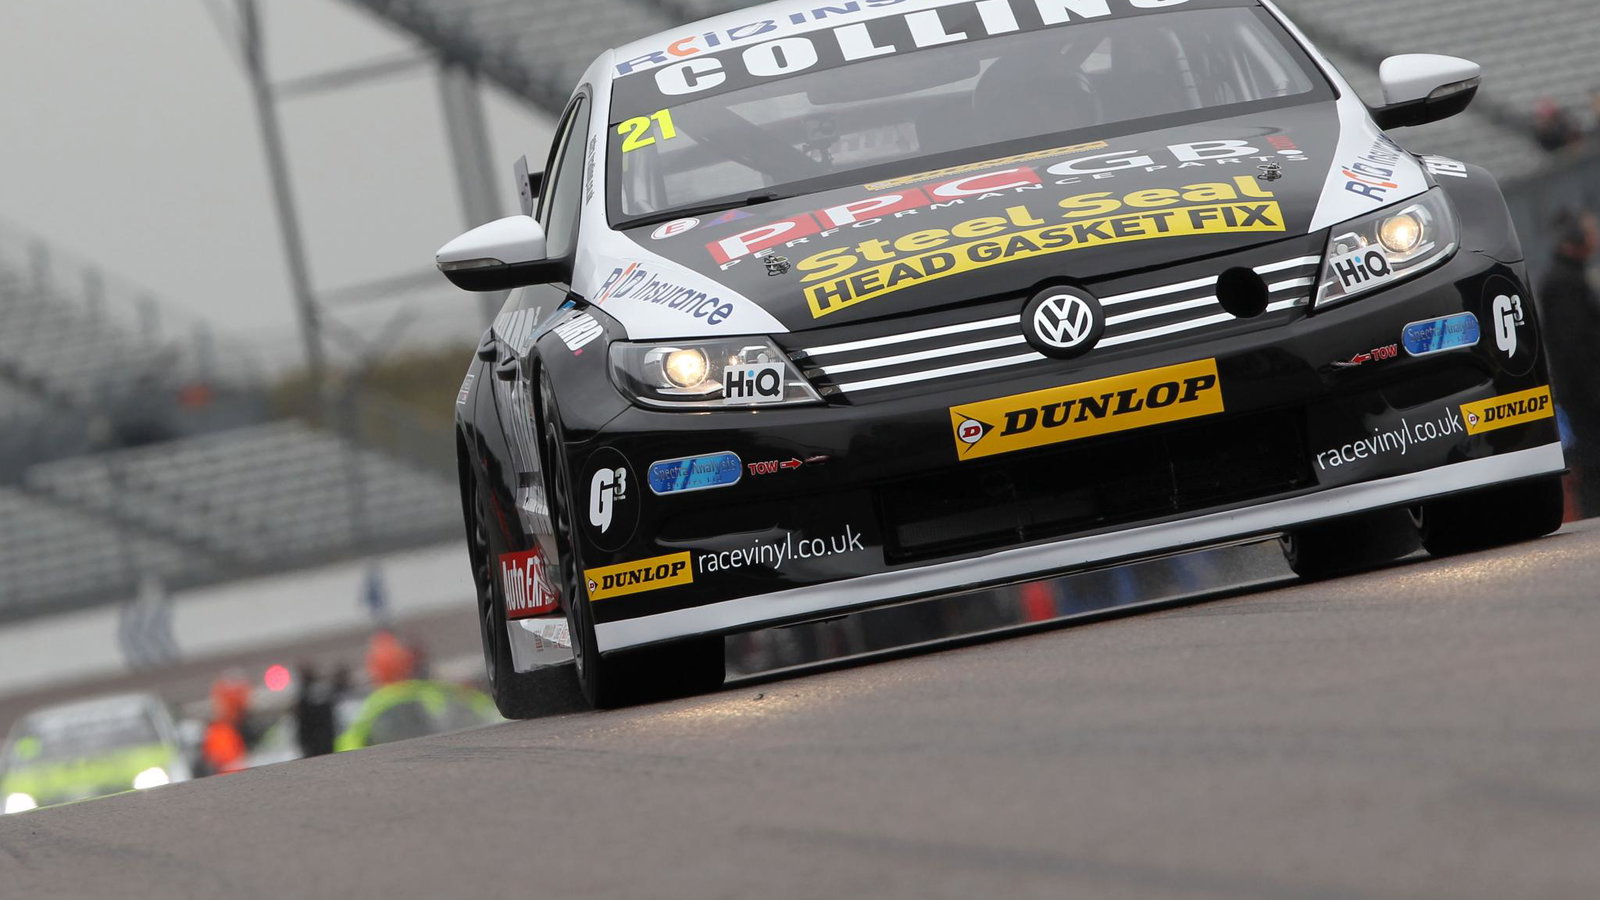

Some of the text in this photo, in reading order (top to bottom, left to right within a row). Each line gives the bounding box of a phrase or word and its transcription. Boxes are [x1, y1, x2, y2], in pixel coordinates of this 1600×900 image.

[655, 0, 1190, 95] COLLIN
[617, 109, 676, 152] 21
[719, 170, 1115, 271] PERFORMANCE
[1145, 154, 1308, 172] PARTS
[796, 175, 1274, 282] Steel Seal
[813, 204, 1278, 310] HEAD GASKET FIX
[1335, 251, 1391, 288] HiQ
[630, 273, 734, 325] Insurance
[1371, 344, 1397, 361] TOW
[725, 368, 780, 397] HiQ
[1000, 374, 1216, 437] DUNLOP
[1483, 394, 1549, 423] DUNLOP
[1317, 407, 1463, 470] racevinyl.co.uk
[748, 459, 779, 475] TOW
[699, 525, 864, 573] racevinyl.co.uk
[502, 559, 526, 611] Auto
[602, 560, 686, 590] DUNLOP

## Exercise aim
Please output the records above exactly, without the pictures.

## Response to the task
Some of the text in this photo, in reading order (top to bottom, left to right within a row). Each line gives the bounding box of a phrase or word and its transcription. Boxes are [x1, y1, x2, y2], in pixel coordinates of this 1600×900 image.

[655, 0, 1190, 95] COLLIN
[617, 109, 676, 152] 21
[719, 170, 1115, 271] PERFORMANCE
[1145, 154, 1308, 172] PARTS
[796, 175, 1274, 282] Steel Seal
[813, 204, 1278, 310] HEAD GASKET FIX
[1335, 251, 1391, 288] HiQ
[630, 273, 734, 325] Insurance
[1371, 344, 1397, 361] TOW
[725, 368, 780, 397] HiQ
[1000, 374, 1216, 437] DUNLOP
[1483, 394, 1549, 423] DUNLOP
[1317, 407, 1463, 470] racevinyl.co.uk
[748, 459, 779, 475] TOW
[699, 525, 864, 573] racevinyl.co.uk
[502, 559, 526, 611] Auto
[602, 560, 686, 590] DUNLOP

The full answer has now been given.